Students of the Master of Arts in Global Communication Program
State of the World 2025
A research report by students of the Master of Arts in Global Communication Program at the Chinese University of Hong Kong
Find the full version report PDF here
Introduction
by Programme Director Nishant Shah
Knowledge is a lived practice. The work of doing knowledge and the work that we make knowledge do require two different kinds of skillsets. In the Global Communications Masters Programme, at the School of Journalism and Communication, we take pride in equipping our students with a critical tool kit to understand, analyse, address, and repair some of the biggest challenges of our times through rigorous thinking, reading, learning, and research. Inspired by the Chinese University of Hong Kong’s commitment to transferring our academic knowledge to society, we inaugurated the dual elective course on ‘Future Pathways to Research’.
This elective helps students see the value of their research in addressing the United Nations Sustainable Development Goals, and their own position in the world as global communicators who use their skills and privilege to make positive social change. The course invites 5 Knowledge Partners representing different stakeholder groups in our society, to help the students work together at developing a research brief and producing knowledge that bears witness, identifies challenges, and make interventions through their communication research, in championing different SDGs.
The 3 groups of students this year, working under the theme of ‘The Present and Future of Coming Together’, partnered with inspiring knowledge partners who facilitated their access to different groups in civil society, government, private sector, and multi-lateral development agencies.

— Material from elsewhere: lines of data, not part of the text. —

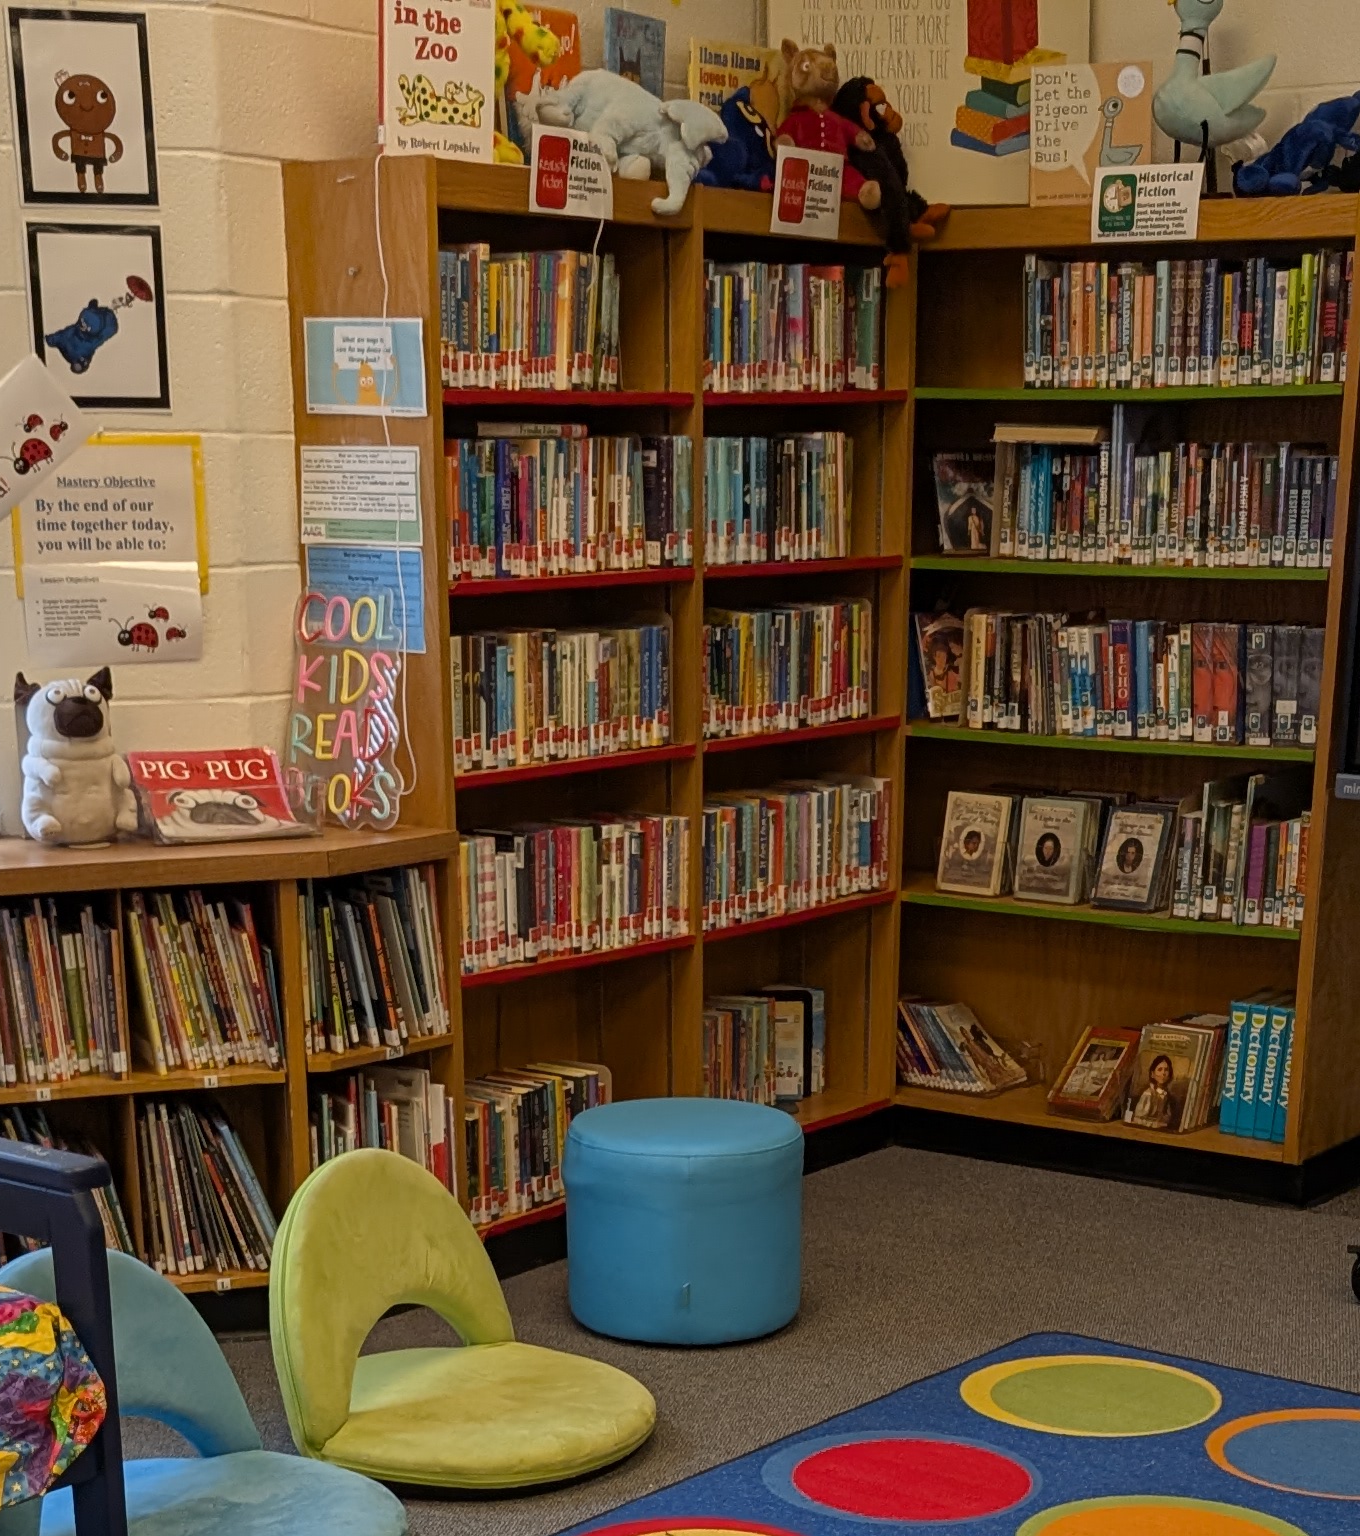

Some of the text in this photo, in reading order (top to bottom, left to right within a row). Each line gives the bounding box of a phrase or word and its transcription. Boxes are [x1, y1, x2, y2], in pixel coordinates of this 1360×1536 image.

[394, 1, 461, 35] in the
[800, 14, 825, 45] WILL
[888, 14, 909, 45] THE
[916, 14, 951, 45] MORE
[415, 37, 458, 62] Zoo
[843, 49, 868, 79] YOU
[929, 49, 951, 80] THE
[700, 67, 739, 88] loves to
[1035, 71, 1078, 86] Don't
[1035, 86, 1091, 102] Let the
[1035, 104, 1089, 118] Pigeon
[1035, 119, 1080, 133] Drive
[397, 135, 409, 149] by
[410, 137, 441, 150] Robert
[1036, 135, 1061, 147] the
[570, 155, 602, 172] Fiction
[1035, 150, 1069, 163] Bus!
[1139, 169, 1194, 184] Historical
[808, 179, 832, 192] Fiction
[1137, 185, 1176, 197] Fiction
[56, 475, 155, 488] Mastery Objective
[36, 499, 154, 514] By the end of our
[36, 518, 174, 535] time together today,
[38, 537, 166, 554] you will be able to:
[298, 592, 394, 643] COOL
[296, 650, 393, 704] KIDS
[1118, 653, 1128, 698] ECHO
[292, 707, 391, 763] READ
[138, 758, 269, 781] PIG PUG
[285, 766, 396, 820] BOOKS
[1222, 1011, 1247, 1102] Dictionary
[1240, 1013, 1267, 1105] Dictionary
[1258, 1015, 1287, 1107] Dictionary
[207, 1077, 216, 1087] L
[40, 1089, 48, 1099] L
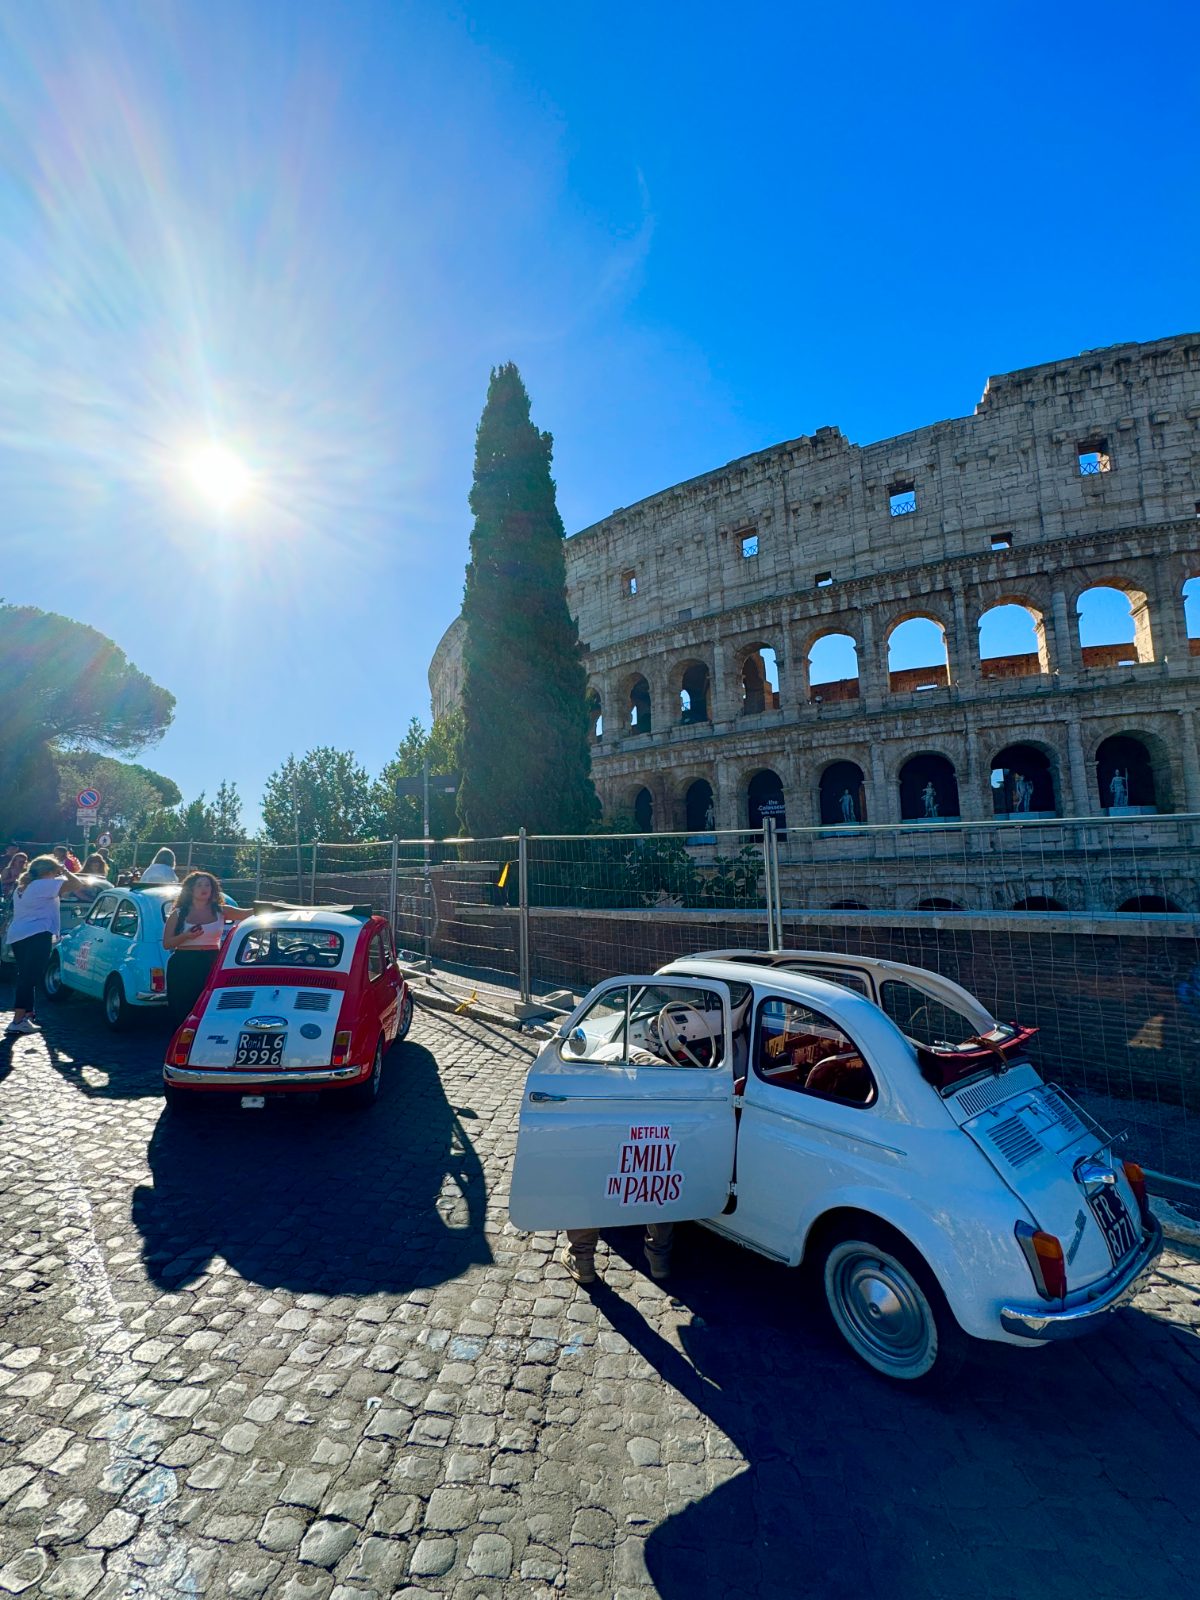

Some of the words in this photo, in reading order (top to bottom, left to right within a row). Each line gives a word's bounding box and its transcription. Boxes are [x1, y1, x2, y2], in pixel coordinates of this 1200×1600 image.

Each group of students identified a challenge that is anchored in the local but has resonances with the global. The teams worked over the entire academic year to find communities and collectives that are committed to building stronger, cohesive, and inclusive societies. Their research involved critical literature review, policy and regulation engagement, historical overview, interviews with members of different communities, learning from practitioners and professionals, and producing a report that shows their skills and their commitment to being communicators ready to change the world.
In this first edition of the State of the World report, the sections bring together critical questions about global challenges that unfold uniquely in the locatedness of Hong Kong. A group working with asylum seekers, reminds us of the invisible communities that are so critical to social and cultural cohesion of our societies. In a world where we are all under the threat of different migrations – social, political, environmental, economic – it is important to change the narratives of who an asylum seeker is and how we imagine their lives, their presence, and their role in building a strong, cohesive society.
Another group of students focus on the question of livability. How do we build futures that are livable? How do we make these futures inclusive? Working on principles of design justice and participatory design, they look at the lived reality and materiality of life in the dense urban housing market of Hong Kong, to see how we can create more inclusive and bottom-up policies that help the most vulnerable communities impacted by the high costs of living and the housing markets. In their work they show how it is our civic duty to participate in the governance of our cities, and how we need to make spaces to imagine livability as more than just survival – imagining a rich life of social, cultural, and economic integration that opens up possibilities of creative and self-governed communities of care.
The third group of students work with Foreign Domestic Helpers in Hong Kong to understand how they navigate and build our city and their lives in it. Looking at their invisible labour, their quiet resilience, and the ways in which different community and shared practices guide their daily lives, the report helps us understand the interplay between collective and individual agencies and the need to build more community structures for groups that are otherwise easily overlooked or forgotten. Far from painting these FDHs as victims, the report shows the possibility of how they can organize, collectivise, and create wonderful opportunities of reimagining the city, the technologies of communication, and the need for dialogue across multiple groups that form the rich diversity of Hong Kong.
It is also noteworthy to see that most of the students, and the communities that they worked with, kept COVID-19 as their reference point for their research. This wasn’t a planned strategy, but it is evident that the experiences of the pandemic have shaped our collective ideas of who we are, who we connect with, and how we do it. The reports all show the richness of academic research, the vulnerability of lived reality, and how university researchers and future communications scholars can continue their research trajectories into areas beyond academia.
This report owes gratitude to many different people, collectives, organisations, and institutions who generously housed, shaped, inspired, and made this course and report possible. You will see all their names variously mentioned across the different sections of the report. As the Director of the MA in Global Communication Programme, I can only thank all of them, on behalf of the school, and the entire team of students and faculty, for giving us so much of their expertise, their time, their generous invitations and their critical insights. This programme is strengthened by the different people who have supported it and continue to inspire us to do more and help our students find their way as research practitioners, who shall build pathways to stronger futures through critical research and collective care.